4. Maybe add a duck, frog or a little gnome.

For some live greens, make a small Dish Garden.

You will need:
  • small clay saucer appr 4" in diameter, the kind you put under flower pots
  • crayons
  • potting soil
  • large spoons
  • grass seed (a quickly sprouting variety if possible, you do not need much
  • bowls
  • plant mister or spray bottle
  • small sea shells
  • beeswax
  • tiny branches
1. Let your child decorate the outside of the clay saucer with a crayon.

2. Set up a potting table outside or lay newspapers down on the kitchen table
and set the clay saucer, potting soil and other items out on top of the newspapers.

3. Let your child spoon the soil into their dish, filling it about 3/4 full.

4. Children often prefer to use their hands for this.

5. Let them it is a great tactile experience.

6. Moisten the soil with the mister, sprinkle on a good layer of seed (not too
thick, but make sure to cover the soil surface well)

7. Cover with a thin layer of soil. This last layer is not absolutely necessary,
but your child will like "tucking their seeds into bed".

8. A final watering with the mister, and the garden can be put on a sunny window
sill to be watched with anticipation for the first signs of life.

NOTE: Moisture is the key to sprouting. The gardens should
be watered once a day (more if they seem to be drying out. perhaps give them
a good drink before you leave for the day. The mister or spray bottle works
well for this as it does not dislodge the seeds by flooding them. Your child
will look forward to doing this each day.

9. Have your child add a little upside down shell to the center of the garden
before the grass starts to sprout. This tiny basin will hold water and becomes
a little pond in your child's garden.

10.Once the grass has sprouted, make the garden a lively place.

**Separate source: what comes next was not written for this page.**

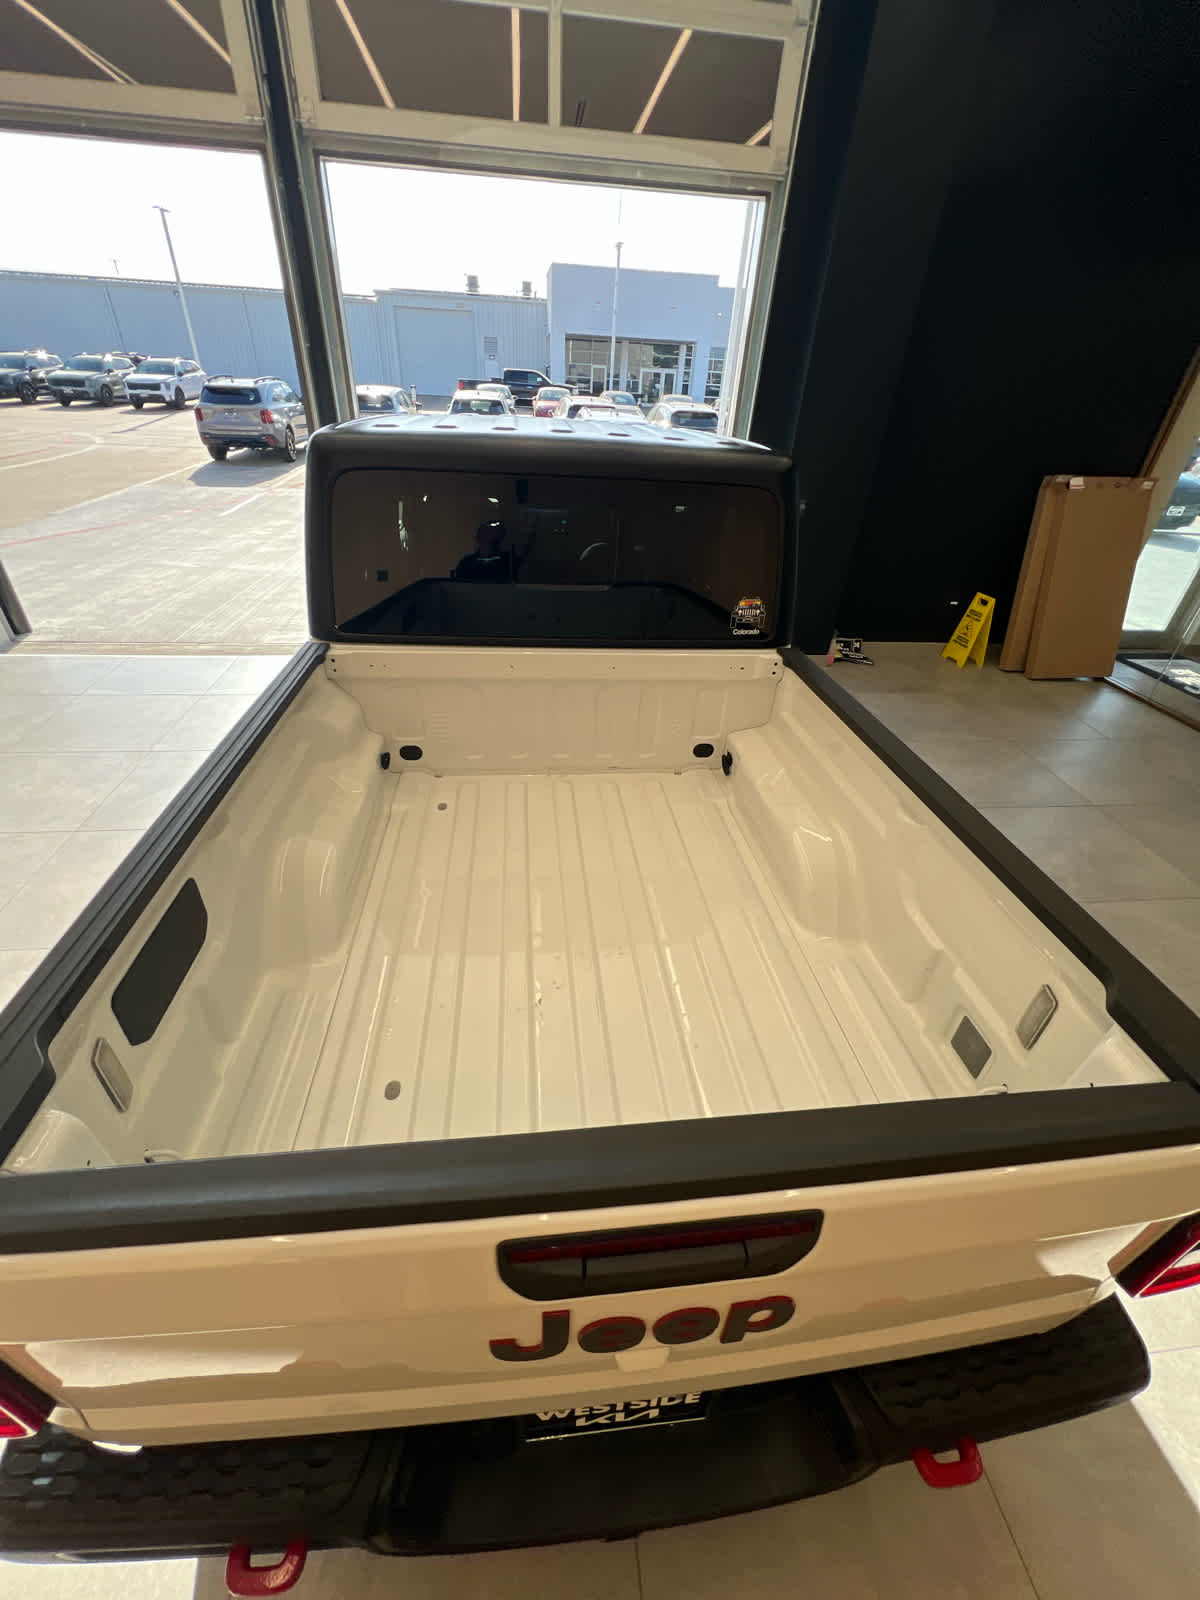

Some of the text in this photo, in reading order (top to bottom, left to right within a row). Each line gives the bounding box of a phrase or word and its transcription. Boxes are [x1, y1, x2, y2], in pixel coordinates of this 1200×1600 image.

11. Use modeling Beeswax to embellish the garden by having your child model
all forms of little things from the beeswax; a little bird, a rabbit, basket
of coloured eggs, flowers.....

12. Push a tiny spreading branch (the tip of a larger branch) into the soil
to become a tree.

13. Glue on tiny balls of pink tissue paper for blossoms and , perhaps, add a beeswax
bird on a beeswax nest. Fill the shell pond with water and add a beeswax duck
sitting on the edge. The possibilities for these gardens seem endless. Use your
imagination to help guide your child and remember to listen to their imaginative
ideas as well!

What is also really nice is to add little treasures you find on your nature walks.
Engage your child in storytelling about how the items came to be where they were found, where they originated, what they are...
This is a beautiful, natural way to teach your child about creation and the task we have been given to steward this wonderful planet that was created for us.